• ASSIGNMENT
Reproduce nothing but the lines from the one with "this 1387×1850 image." down to the last line of the data below.

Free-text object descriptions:
....................
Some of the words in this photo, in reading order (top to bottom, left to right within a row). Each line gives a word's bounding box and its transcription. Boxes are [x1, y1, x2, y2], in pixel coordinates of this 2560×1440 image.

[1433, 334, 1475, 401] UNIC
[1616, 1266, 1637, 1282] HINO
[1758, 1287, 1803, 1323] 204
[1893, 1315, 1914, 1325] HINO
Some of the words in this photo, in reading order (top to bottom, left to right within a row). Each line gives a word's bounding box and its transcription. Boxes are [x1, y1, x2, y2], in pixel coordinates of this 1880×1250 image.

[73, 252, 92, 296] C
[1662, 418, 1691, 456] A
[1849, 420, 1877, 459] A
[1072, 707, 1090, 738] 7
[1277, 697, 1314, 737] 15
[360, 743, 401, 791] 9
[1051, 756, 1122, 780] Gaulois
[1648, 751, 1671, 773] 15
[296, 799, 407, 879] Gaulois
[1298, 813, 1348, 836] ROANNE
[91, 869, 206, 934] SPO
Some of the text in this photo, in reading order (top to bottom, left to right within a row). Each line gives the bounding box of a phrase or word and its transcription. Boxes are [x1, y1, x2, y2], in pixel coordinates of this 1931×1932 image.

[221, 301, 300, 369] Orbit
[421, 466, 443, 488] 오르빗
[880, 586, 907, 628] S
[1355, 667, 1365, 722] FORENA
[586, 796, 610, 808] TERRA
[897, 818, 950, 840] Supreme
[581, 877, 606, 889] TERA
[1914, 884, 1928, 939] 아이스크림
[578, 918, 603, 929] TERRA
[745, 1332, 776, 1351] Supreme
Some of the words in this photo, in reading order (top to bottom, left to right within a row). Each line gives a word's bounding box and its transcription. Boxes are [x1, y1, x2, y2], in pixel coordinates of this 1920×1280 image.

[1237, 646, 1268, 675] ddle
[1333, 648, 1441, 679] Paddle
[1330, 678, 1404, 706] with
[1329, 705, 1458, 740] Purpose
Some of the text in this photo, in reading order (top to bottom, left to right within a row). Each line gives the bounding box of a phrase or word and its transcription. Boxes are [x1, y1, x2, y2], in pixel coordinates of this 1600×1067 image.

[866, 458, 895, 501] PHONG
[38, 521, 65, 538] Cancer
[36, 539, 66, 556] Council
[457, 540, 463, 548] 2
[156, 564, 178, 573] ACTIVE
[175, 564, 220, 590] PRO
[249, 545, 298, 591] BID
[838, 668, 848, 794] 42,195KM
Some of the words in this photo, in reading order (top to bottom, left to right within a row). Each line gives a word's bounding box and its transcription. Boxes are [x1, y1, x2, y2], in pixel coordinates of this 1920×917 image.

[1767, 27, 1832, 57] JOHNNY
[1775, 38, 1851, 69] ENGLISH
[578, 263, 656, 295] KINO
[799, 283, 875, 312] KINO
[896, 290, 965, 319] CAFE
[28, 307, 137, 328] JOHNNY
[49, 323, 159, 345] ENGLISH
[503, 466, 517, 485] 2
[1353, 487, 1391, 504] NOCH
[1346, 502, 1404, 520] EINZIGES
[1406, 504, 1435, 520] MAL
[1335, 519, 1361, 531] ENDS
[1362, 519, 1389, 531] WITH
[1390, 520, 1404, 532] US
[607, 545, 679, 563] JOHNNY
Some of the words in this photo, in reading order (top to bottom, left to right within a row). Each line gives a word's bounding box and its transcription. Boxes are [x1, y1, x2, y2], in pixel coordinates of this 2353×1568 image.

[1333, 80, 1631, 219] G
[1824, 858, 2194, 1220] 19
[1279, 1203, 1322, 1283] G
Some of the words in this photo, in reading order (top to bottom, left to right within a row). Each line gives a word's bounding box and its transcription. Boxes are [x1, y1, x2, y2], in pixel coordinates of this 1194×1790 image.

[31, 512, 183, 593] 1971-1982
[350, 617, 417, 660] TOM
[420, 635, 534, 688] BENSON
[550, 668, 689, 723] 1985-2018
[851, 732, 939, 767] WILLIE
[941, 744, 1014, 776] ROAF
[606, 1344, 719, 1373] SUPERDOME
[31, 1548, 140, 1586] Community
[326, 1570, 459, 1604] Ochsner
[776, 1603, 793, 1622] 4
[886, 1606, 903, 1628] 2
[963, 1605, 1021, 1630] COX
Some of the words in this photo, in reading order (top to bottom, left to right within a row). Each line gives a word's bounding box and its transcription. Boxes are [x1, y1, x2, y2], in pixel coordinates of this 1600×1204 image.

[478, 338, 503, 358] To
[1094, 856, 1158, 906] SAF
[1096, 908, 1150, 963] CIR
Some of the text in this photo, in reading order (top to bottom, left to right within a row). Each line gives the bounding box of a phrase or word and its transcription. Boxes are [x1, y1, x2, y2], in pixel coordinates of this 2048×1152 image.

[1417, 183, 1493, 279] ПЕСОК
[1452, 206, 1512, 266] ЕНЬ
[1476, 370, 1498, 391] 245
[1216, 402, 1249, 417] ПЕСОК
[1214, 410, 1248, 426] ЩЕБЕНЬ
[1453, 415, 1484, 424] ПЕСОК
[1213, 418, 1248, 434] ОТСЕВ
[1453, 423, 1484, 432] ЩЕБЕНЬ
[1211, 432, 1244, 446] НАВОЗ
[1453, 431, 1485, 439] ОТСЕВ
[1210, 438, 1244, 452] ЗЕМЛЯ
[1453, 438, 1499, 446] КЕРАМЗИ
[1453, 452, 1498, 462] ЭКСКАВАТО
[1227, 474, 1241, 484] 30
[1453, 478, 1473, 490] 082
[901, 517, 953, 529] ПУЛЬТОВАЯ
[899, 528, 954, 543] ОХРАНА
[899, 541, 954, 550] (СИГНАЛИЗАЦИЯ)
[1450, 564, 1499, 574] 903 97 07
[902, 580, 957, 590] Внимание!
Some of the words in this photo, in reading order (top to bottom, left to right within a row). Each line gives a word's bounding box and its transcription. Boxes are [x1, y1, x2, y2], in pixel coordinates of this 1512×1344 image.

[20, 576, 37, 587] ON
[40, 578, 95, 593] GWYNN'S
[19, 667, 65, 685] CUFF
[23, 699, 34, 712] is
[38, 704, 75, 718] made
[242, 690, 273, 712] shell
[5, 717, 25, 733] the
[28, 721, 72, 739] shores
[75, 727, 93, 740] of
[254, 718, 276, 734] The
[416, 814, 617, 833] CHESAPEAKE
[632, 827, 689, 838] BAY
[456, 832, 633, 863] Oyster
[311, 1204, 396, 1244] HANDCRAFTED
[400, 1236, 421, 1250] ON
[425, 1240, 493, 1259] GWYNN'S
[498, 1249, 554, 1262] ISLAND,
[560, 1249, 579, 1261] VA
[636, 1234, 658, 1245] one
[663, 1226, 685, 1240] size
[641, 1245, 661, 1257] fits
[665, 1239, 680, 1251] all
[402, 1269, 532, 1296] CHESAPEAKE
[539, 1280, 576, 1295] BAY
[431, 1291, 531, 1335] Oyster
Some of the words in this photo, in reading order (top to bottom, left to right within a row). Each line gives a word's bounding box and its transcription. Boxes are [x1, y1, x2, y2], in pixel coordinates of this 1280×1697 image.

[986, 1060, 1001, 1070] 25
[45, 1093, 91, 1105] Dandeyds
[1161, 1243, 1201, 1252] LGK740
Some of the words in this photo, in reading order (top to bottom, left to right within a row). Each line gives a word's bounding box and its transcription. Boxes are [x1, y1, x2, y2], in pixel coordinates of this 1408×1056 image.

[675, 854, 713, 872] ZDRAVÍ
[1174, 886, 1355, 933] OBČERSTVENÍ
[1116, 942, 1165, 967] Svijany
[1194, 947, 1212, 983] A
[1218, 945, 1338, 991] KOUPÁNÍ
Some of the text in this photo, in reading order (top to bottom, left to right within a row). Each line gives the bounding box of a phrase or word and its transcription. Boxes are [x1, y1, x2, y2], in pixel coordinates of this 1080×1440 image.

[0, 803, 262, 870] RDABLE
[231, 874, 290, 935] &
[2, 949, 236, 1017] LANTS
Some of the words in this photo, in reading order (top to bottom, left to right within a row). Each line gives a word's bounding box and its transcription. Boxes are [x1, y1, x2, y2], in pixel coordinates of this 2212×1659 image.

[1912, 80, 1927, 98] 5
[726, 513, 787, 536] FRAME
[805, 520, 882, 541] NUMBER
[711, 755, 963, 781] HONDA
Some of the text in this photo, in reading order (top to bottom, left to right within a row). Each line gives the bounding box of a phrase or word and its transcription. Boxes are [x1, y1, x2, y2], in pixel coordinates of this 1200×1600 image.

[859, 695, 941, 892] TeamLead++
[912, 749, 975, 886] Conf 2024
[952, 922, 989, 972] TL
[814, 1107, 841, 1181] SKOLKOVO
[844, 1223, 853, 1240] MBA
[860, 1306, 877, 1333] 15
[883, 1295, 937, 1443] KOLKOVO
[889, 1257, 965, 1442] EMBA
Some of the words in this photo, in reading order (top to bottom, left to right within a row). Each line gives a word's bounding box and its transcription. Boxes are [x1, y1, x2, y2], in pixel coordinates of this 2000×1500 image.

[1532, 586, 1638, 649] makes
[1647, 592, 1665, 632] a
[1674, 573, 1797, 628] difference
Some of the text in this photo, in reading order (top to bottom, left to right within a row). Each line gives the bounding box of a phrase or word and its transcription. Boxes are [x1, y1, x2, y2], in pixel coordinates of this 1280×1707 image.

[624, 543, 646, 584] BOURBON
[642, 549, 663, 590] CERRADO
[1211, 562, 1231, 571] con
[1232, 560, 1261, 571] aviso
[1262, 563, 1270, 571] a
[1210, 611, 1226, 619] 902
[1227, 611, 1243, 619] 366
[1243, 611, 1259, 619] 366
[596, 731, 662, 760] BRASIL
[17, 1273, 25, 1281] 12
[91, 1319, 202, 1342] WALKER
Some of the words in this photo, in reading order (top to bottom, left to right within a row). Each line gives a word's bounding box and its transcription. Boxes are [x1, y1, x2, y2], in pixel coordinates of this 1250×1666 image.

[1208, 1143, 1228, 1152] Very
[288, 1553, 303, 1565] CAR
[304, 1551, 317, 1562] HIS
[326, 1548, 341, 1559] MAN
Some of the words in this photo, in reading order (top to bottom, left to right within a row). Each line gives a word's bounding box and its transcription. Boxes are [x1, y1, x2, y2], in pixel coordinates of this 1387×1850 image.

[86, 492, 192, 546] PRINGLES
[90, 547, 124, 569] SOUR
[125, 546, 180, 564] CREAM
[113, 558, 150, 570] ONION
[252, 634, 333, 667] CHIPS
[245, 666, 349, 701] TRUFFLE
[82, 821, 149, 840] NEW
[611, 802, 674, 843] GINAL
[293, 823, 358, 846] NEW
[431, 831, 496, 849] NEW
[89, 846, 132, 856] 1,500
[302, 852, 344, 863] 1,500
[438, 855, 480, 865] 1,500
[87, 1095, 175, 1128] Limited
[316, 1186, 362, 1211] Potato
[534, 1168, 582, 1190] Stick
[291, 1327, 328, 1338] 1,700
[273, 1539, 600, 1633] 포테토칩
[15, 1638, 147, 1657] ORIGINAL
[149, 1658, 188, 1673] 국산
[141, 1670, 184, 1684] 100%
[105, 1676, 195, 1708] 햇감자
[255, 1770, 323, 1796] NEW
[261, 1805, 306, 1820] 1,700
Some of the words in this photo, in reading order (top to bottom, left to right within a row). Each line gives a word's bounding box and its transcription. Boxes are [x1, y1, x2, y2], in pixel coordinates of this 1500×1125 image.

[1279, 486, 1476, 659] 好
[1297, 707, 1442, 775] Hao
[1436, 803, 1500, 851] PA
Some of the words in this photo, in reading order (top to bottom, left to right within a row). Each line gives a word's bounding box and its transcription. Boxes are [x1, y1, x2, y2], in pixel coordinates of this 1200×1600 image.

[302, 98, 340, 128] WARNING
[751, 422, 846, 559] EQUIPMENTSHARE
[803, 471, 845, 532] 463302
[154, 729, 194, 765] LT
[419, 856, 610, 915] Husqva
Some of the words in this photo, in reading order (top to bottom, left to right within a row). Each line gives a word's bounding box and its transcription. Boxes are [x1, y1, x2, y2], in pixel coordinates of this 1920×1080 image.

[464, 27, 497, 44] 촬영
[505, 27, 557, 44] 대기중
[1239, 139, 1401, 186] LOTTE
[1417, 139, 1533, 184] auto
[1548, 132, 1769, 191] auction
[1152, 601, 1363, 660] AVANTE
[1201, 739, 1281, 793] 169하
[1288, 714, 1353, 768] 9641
....................
• RESULT FOR THIS TASK
Some of the words in this photo, in reading order (top to bottom, left to right within a row). Each line gives a word's bounding box and its transcription. Boxes are [x1, y1, x2, y2], in pixel coordinates of this 1387×1850 image.

[86, 492, 192, 546] PRINGLES
[90, 547, 124, 569] SOUR
[125, 546, 180, 564] CREAM
[113, 558, 150, 570] ONION
[252, 634, 333, 667] CHIPS
[245, 666, 349, 701] TRUFFLE
[82, 821, 149, 840] NEW
[611, 802, 674, 843] GINAL
[293, 823, 358, 846] NEW
[431, 831, 496, 849] NEW
[89, 846, 132, 856] 1,500
[302, 852, 344, 863] 1,500
[438, 855, 480, 865] 1,500
[87, 1095, 175, 1128] Limited
[316, 1186, 362, 1211] Potato
[534, 1168, 582, 1190] Stick
[291, 1327, 328, 1338] 1,700
[273, 1539, 600, 1633] 포테토칩
[15, 1638, 147, 1657] ORIGINAL
[149, 1658, 188, 1673] 국산
[141, 1670, 184, 1684] 100%
[105, 1676, 195, 1708] 햇감자
[255, 1770, 323, 1796] NEW
[261, 1805, 306, 1820] 1,700
Some of the words in this photo, in reading order (top to bottom, left to right within a row). Each line gives a word's bounding box and its transcription. Boxes are [x1, y1, x2, y2], in pixel coordinates of this 1500×1125 image.

[1279, 486, 1476, 659] 好
[1297, 707, 1442, 775] Hao
[1436, 803, 1500, 851] PA
Some of the words in this photo, in reading order (top to bottom, left to right within a row). Each line gives a word's bounding box and its transcription. Boxes are [x1, y1, x2, y2], in pixel coordinates of this 1200×1600 image.

[302, 98, 340, 128] WARNING
[751, 422, 846, 559] EQUIPMENTSHARE
[803, 471, 845, 532] 463302
[154, 729, 194, 765] LT
[419, 856, 610, 915] Husqva
Some of the words in this photo, in reading order (top to bottom, left to right within a row). Each line gives a word's bounding box and its transcription. Boxes are [x1, y1, x2, y2], in pixel coordinates of this 1920×1080 image.

[464, 27, 497, 44] 촬영
[505, 27, 557, 44] 대기중
[1239, 139, 1401, 186] LOTTE
[1417, 139, 1533, 184] auto
[1548, 132, 1769, 191] auction
[1152, 601, 1363, 660] AVANTE
[1201, 739, 1281, 793] 169하
[1288, 714, 1353, 768] 9641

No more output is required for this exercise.